The V&A wants your COVID-19 signs to document life in lockdown
Homemade rainbow signs thank the UK's NHS during the pandemic. The V&A hopes to acquire such homemade signs to document life during lockdown. Courtesy Flickr Commons.
Leading lights  -   Curators

There’s no doubt that in a few generations, the COVID-19 pandemic will be included in history books. By then, people will have moved on, living lives less directly touched by the pandemic. Recognizing the unique situation we’re in – and the products that have come from it – London’s Victoria and Albert Museum (V&A) has put out an open-call for homemade signs created during the lockdown.

From hand-drawn rainbows displayed in the front windows of houses to the signs created for store fronts promising “we’ll be back” or asking patrons to “please keep 2 metres apart,” the V&A is interested in them all. Memorializing these minor aspects of the pandemic might seem trivial at the moment, and in some ways, the signs that punctuate life as we know it now are a little trivial. However, as we someday return to normal, these signs that have become touchstones will disappear. Thus, the V&A wants to “create and preserve a rich portrait of life under lockdown expressed through visual imagery.”

Signs like these have become common place during lockdown. Courtesy Flickr Commons.

 

“Due to social distancing measures, what we’ve seen during this crisis is an enormous amount of written communication taking place in the public sphere from home windows to shop fronts,” said Brendan Cormier, V&A design curator and co-lead of the V&A’s initiative. “The sum effect of these signs are that communities are organizing and expressing themselves through the means they have available; by doing so it forms a powerful reflection of the crisis itself.”

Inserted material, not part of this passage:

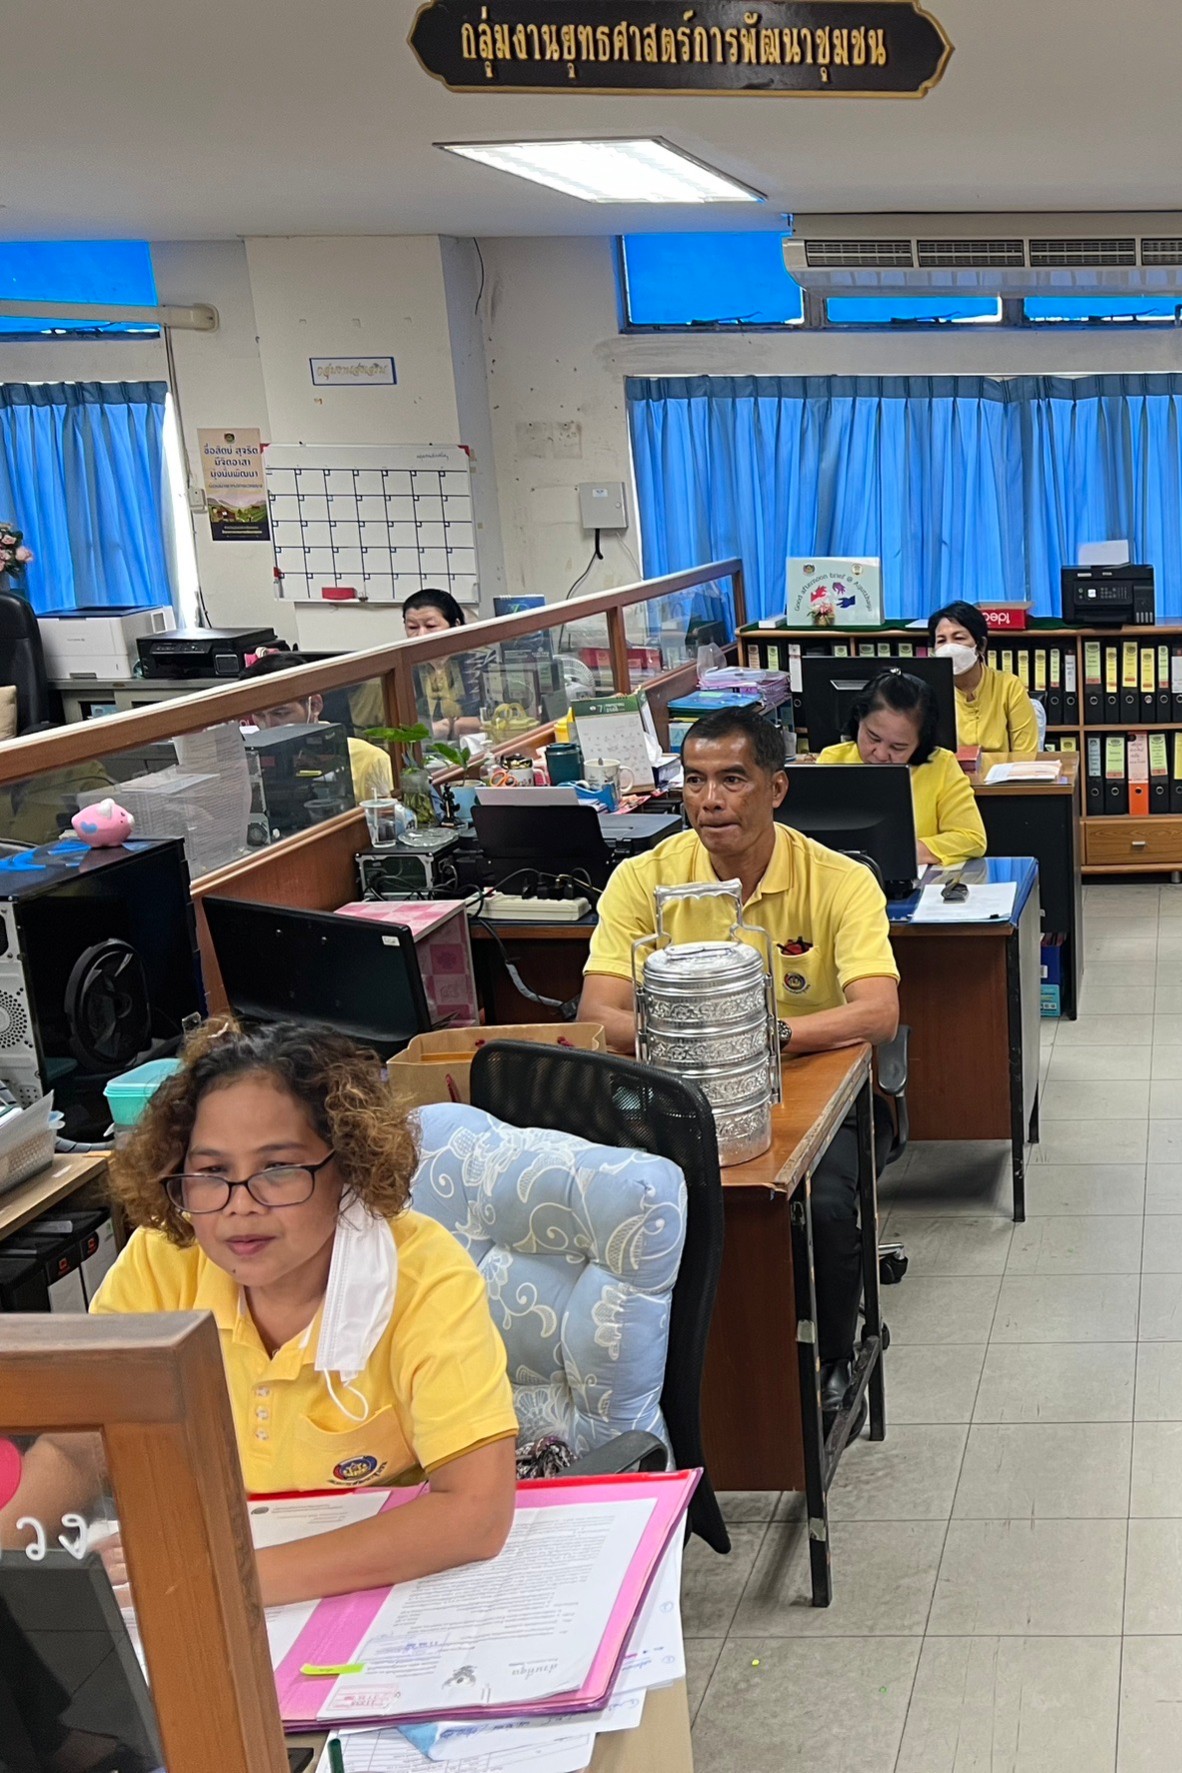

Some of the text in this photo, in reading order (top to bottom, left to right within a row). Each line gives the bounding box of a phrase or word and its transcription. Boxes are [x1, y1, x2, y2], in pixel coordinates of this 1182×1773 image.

Larger shops have put notices for customers. Courtesy Flickr Commons

The museum’s open-call was announced this morning and Cormier admits that these types of requests can be temperamental. “We could be deluged,” he told The Guardian. “There is also the risk with a public callout that you don’t get anything. I don’t think you ever get quite the number you’re hoping for. We’re asking for patience from people … it might take us some time to sort through them and decide which are the most useful and relevant for us to take.”

After the museum sifts through nominations, the collected signs will join the V&A’s robust collection other signage including public transportation signs, road signs, and other signs that demarcate a particular point in history. They will also join other items acquired by the museum’s design department, which operates a Rapid Response collection. Through Rapid Response collecting, the museum is able to quickly obtain items significant to movements within society, including items used by Extinction Rebellion (a climate change activist group) and pussyhats (the famous pink eared hat worn by thousands who attended the Women’s March in Washington DC in 2017).

Smaller businesses have made homemade signs, too, to alert patrons to new ways of working. Courtesy Flickr Commons.

Nominated signs will undoubtedly be of various types revealing how the pandemic has affected different aspects of society. There will most likely be signs from businesses that have been unable to fair the lockdown. There will also be signs using humour to convey their message. There will be angry signs, there will be boring signs, and there will be signs of solidarity. They hope to receive them all to “get a snapshot” of life today.

Drawings of rainbows, which caught the attention of English artist Damien Hirst, will specifically go to the V&A’s Bethnal Green Museum of Childhood. The Museum of Childhood has been shuttered amidst a £13 million overhaul but is set to reopen in 2022.

The open-call is part of the V&A’s Pandemic Objects series documenting life at home as we push forward to a new era of normality. Hopefully, in a few months, COVID-19 signs will be a thing of the past, but thanks to efforts made by the V&A, and others, like the Museum of London and International Center of Photography, who are doing similar documentation, this time won’t be forgotten so that it serves as a reminder for generations to come.